Il mese
di agosto sta per terminare, le città si riempiono e,
nell'indifferenza di molti, continuano a sbarcare immigrati a
Lampedusa. Da lì vengono parcheggiati nei CIE (questo argomento è
stato da noi più volte trattato), ma il 10 agosto scorso è accaduto
un fatto più grave del solito: nel centro di accoglienza Sant'Anna
di Isola di Capo Rizzuto è scoppiata una rivolta che ha visto
coinvolta una cinquantina di persone. Un uomo di nazionalità
marocchina, di 31 anni, si è sentito male ed è stato portato al
Pronto Soccorso dell'ospedale civile di Crotone dove è deceduto per
una cardiopatia, probabilmente aggravata dall'uso di farmaci. La
struttura di Capo Rizzuto è stata chiusa alla vigilia di ferragosto,
dopo che la Procura l'ha dichiarata inagibile.
La
notizia della morte dell'immigrato ha riacceso i riflettori sulle
condizioni di sopravvivenza delle persone che vengono portate nei
centri di identificazione e di espulsione: in un'interessante
intervista ad Alexandra D'Onofrio - pubblicata nel mese di luglio
sulla nostra piattaforma, nella quale si parlava del suo documentario
intitolato “La vita che non CIE” - sono state raccontate le
difficoltà, le paure, le aspettative di uomini, giovani e meno
giovani, che partono dai loro Paesi d'origine, affrontando un viaggio
pericoloso, per ritrovarsi all'interno di edifici-prigioni senza aver
commesso reato, senza documenti, senza capire cosa stia accadendo; per
mesi e mesi restano rinchiusi, abbandonati a se stessi, spesso senza
conoscere la lingua con cui chiedere e comunicare e, per calmare
l'ansia (ma anche per tenere sotto controllo l'aggressività) vengono sedati
con psicofarmaci. E questa è solo una parte della situazione.
In
alcuni casi, quindi, chi ha ancora forza e lucidità prova a
protestare, usando mobili e arredi, bruciando materassi.

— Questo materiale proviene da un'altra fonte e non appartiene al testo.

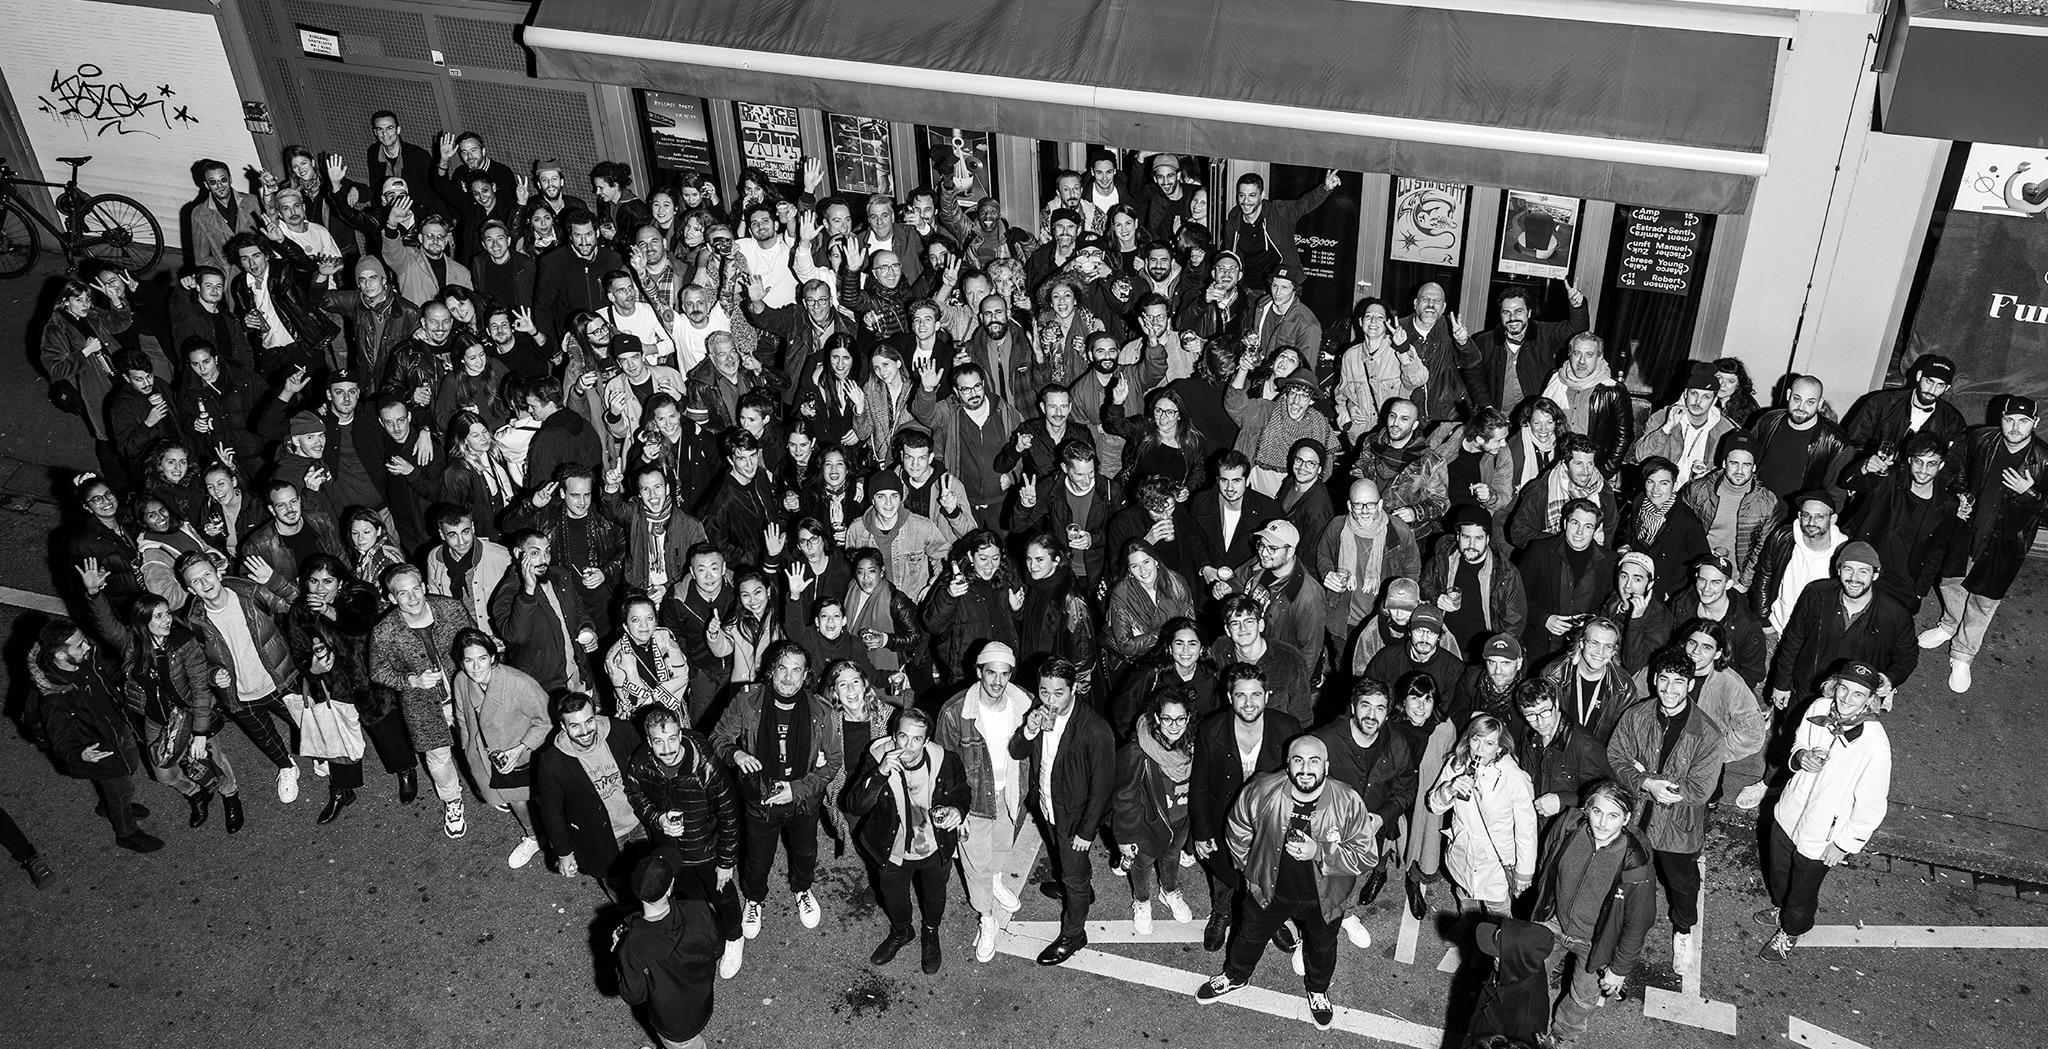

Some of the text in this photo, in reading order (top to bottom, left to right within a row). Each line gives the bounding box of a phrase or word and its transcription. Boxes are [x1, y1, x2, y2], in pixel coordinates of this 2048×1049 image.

[741, 104, 797, 119] DANCE
[741, 111, 798, 127] MACHINE
[1639, 207, 1660, 217] Amp
[1637, 214, 1659, 223] Amp
[1635, 223, 1691, 236] Estrada Senti
[1632, 240, 1688, 252] unft Manuel
[1630, 255, 1685, 270] brese Young
[1651, 274, 1681, 284] Robert

Un modo per
farsi sentire, una maniera per esprimere rabbia ed esasperazione.
Negli ultimi giorni la rivolta ha toccato anche il CIE di Gradisca,
in provincia di Gorizia, in cui sono rimasti feriti due immigrati
(per uno di loro la prognosi è ancora riservata). All'interno
dell'edificio, circa trenta detenuti sono saliti sul tetto, gridando
slogan per denunciare le loro condizioni; all'esterno, si è creato
un presidio durante il quale i manifestanti hanno esposto cartelli
con le scritte: “Chiudiamo i lager di Stato” oppure “
Libertà/Freedom/Liberté”. A dar forza alla richiesta anche le
parole della vicepresidente della Provincia di Gorizia, Mara Cernic,
che ha dichiarato: “ Siamo contrari a questo modo di gestire
l'immigrazione, che risulta inadeguato sul piano del rispetto dei
diritti umani”.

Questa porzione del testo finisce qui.